### RECORDS FOR THE TASK
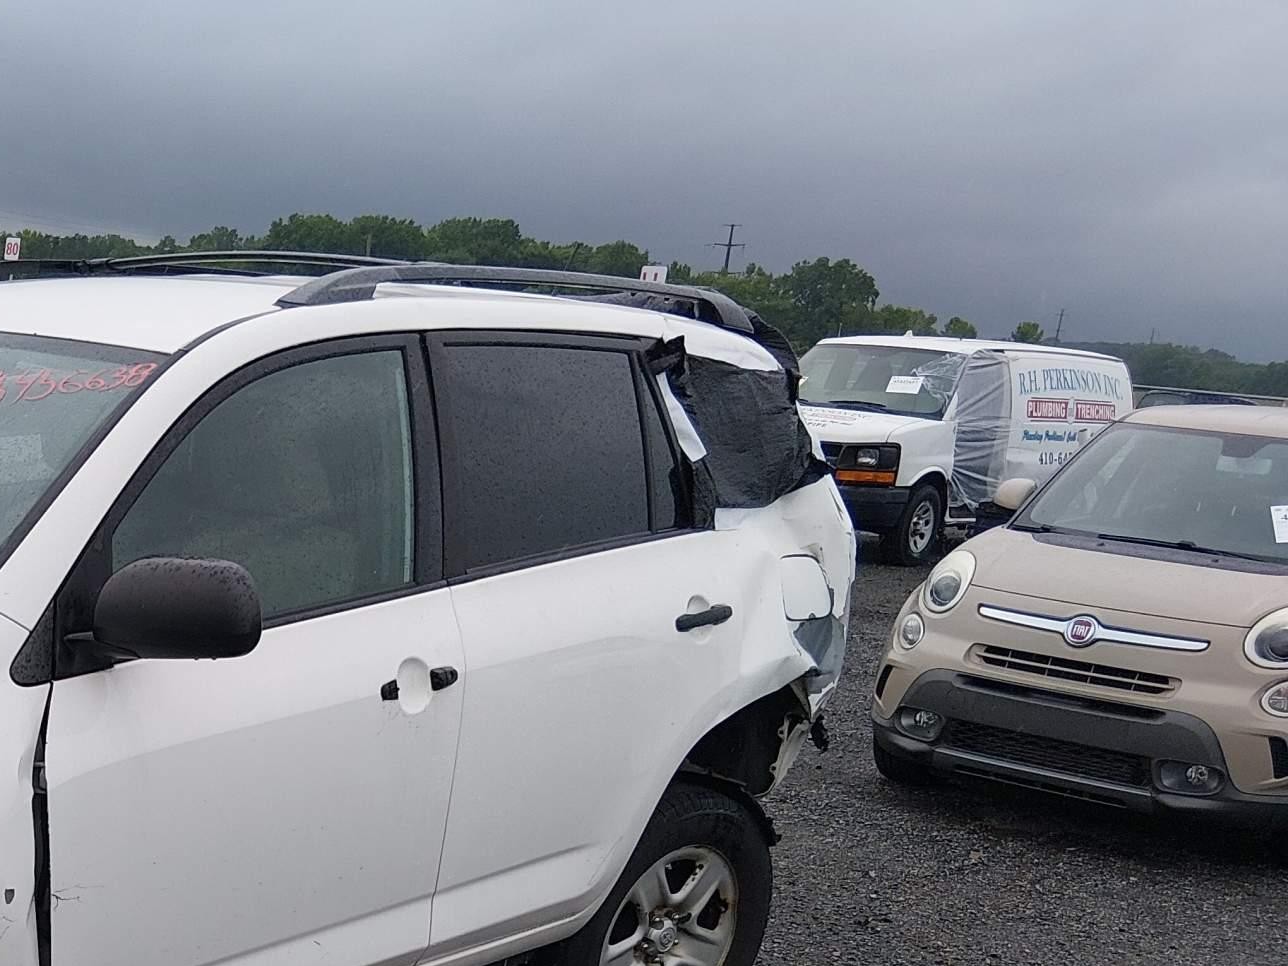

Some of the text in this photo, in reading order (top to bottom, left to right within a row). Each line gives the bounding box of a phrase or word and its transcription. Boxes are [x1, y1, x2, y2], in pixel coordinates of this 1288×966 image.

[6, 242, 19, 256] 80
[1018, 368, 1124, 400] R.H. PERKINSON INC.
[1028, 401, 1066, 417] PLUMBING
[1077, 404, 1115, 421] TRENCHING

### EXERCISE INSTRUCTIONS
Restate the whole listing above exactly, except for its images.

### ANSWER FOR THE TASK
Some of the text in this photo, in reading order (top to bottom, left to right within a row). Each line gives the bounding box of a phrase or word and its transcription. Boxes are [x1, y1, x2, y2], in pixel coordinates of this 1288×966 image.

[6, 242, 19, 256] 80
[1018, 368, 1124, 400] R.H. PERKINSON INC.
[1028, 401, 1066, 417] PLUMBING
[1077, 404, 1115, 421] TRENCHING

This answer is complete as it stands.